**EXERCISE GOAL**:
Your transcription must include every record word for word and no pictures.

*** Opening of RECORDED DATA ***

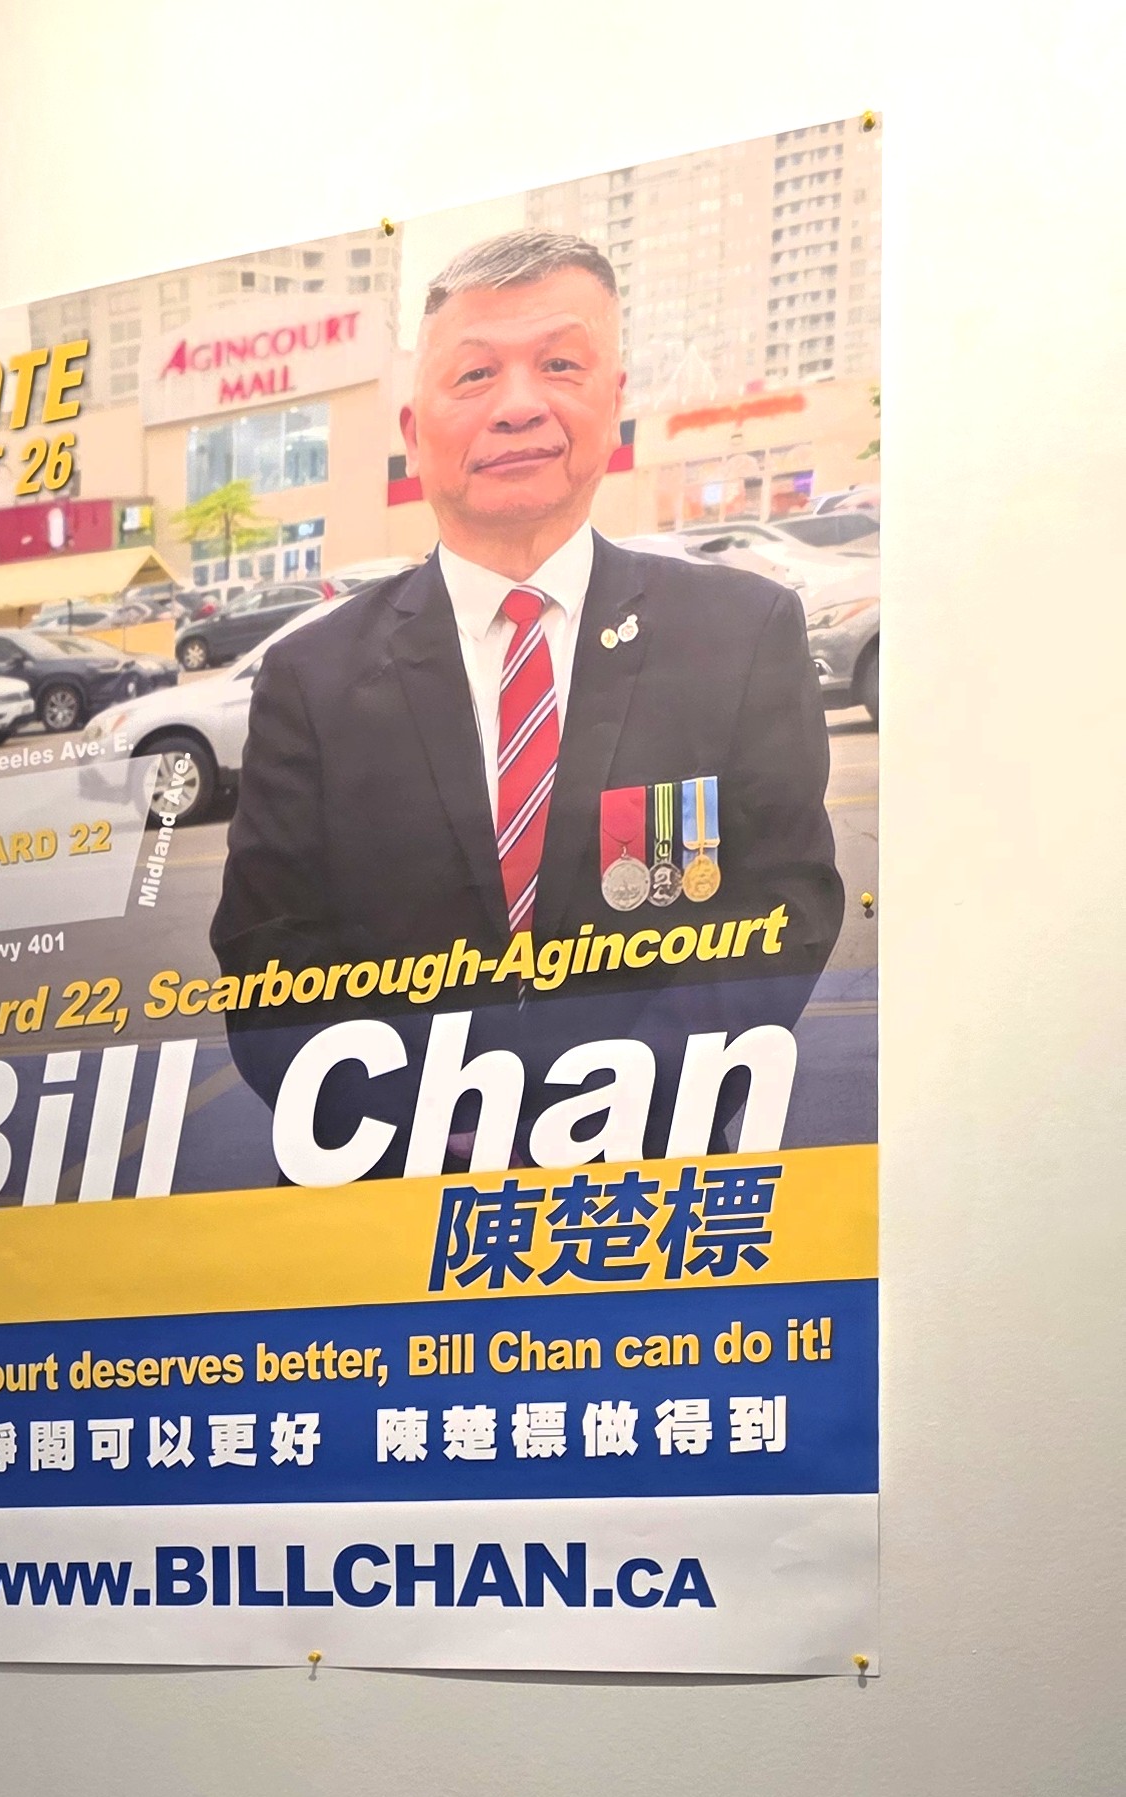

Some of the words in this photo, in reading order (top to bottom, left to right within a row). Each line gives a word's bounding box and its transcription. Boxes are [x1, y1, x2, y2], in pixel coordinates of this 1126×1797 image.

[159, 311, 362, 380] AGINCOURT
[218, 364, 297, 405] MALL
[16, 434, 76, 497] 26
[60, 741, 106, 762] Ave.
[113, 732, 134, 752] E.
[68, 820, 113, 855] 22
[138, 811, 177, 907] Midland
[164, 752, 192, 805] Ave.
[27, 931, 66, 955] 401
[55, 976, 129, 1034] 22,
[144, 905, 791, 1020] Scarborough-Agincourt
[271, 1010, 799, 1191] Chan
[427, 1164, 784, 1293] 陳楚標
[69, 1346, 245, 1391] deserves
[256, 1338, 389, 1390] better,
[407, 1332, 475, 1378] Bill
[486, 1327, 602, 1374] Chan
[614, 1331, 699, 1369] can
[712, 1321, 772, 1366] do
[786, 1315, 834, 1361] it!
[376, 1395, 788, 1463] 陳楚標做得到
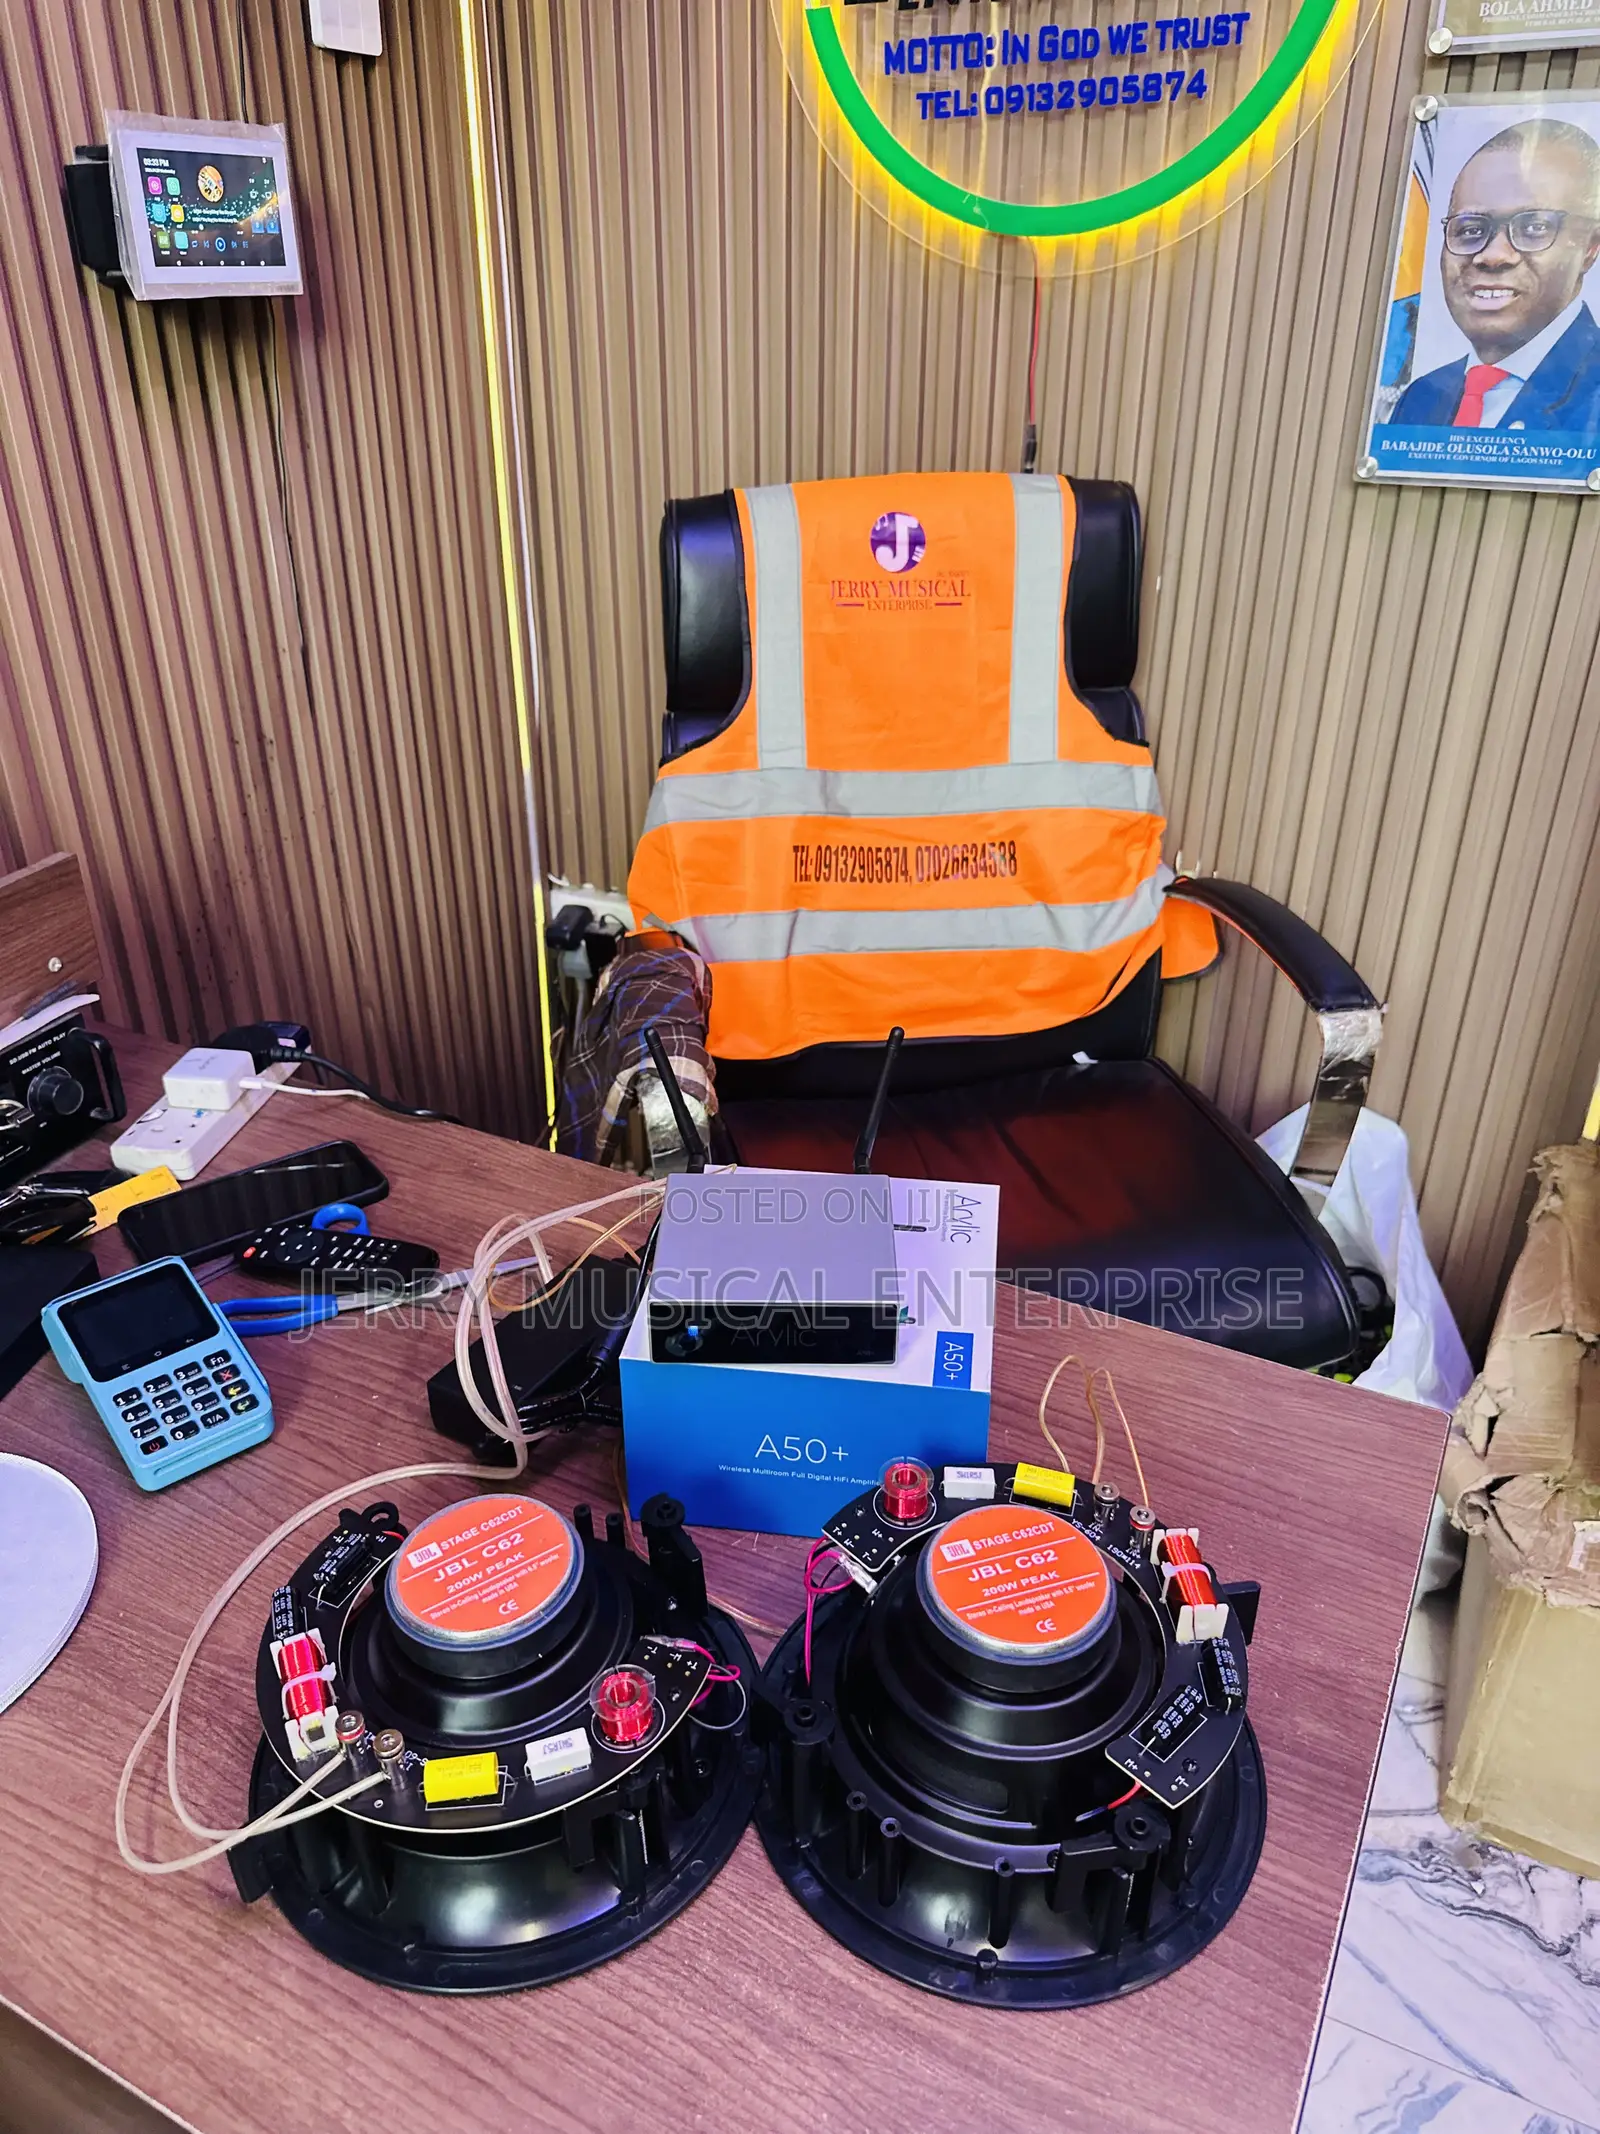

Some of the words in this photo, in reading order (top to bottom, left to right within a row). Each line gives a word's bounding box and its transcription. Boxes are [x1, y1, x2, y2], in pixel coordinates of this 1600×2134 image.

*** Close of RECORDED DATA ***

**SOLUTION**:
Some of the words in this photo, in reading order (top to bottom, left to right within a row). Each line gives a word's bounding box and its transcription. Boxes are [x1, y1, x2, y2], in pixel coordinates of this 1126×1797 image.

[159, 311, 362, 380] AGINCOURT
[218, 364, 297, 405] MALL
[16, 434, 76, 497] 26
[60, 741, 106, 762] Ave.
[113, 732, 134, 752] E.
[68, 820, 113, 855] 22
[138, 811, 177, 907] Midland
[164, 752, 192, 805] Ave.
[27, 931, 66, 955] 401
[55, 976, 129, 1034] 22,
[144, 905, 791, 1020] Scarborough-Agincourt
[271, 1010, 799, 1191] Chan
[427, 1164, 784, 1293] 陳楚標
[69, 1346, 245, 1391] deserves
[256, 1338, 389, 1390] better,
[407, 1332, 475, 1378] Bill
[486, 1327, 602, 1374] Chan
[614, 1331, 699, 1369] can
[712, 1321, 772, 1366] do
[786, 1315, 834, 1361] it!
[376, 1395, 788, 1463] 陳楚標做得到

Some of the words in this photo, in reading order (top to bottom, left to right within a row). Each line gives a word's bounding box and its transcription. Boxes are [x1, y1, x2, y2], in pixel coordinates of this 1600×2134 image.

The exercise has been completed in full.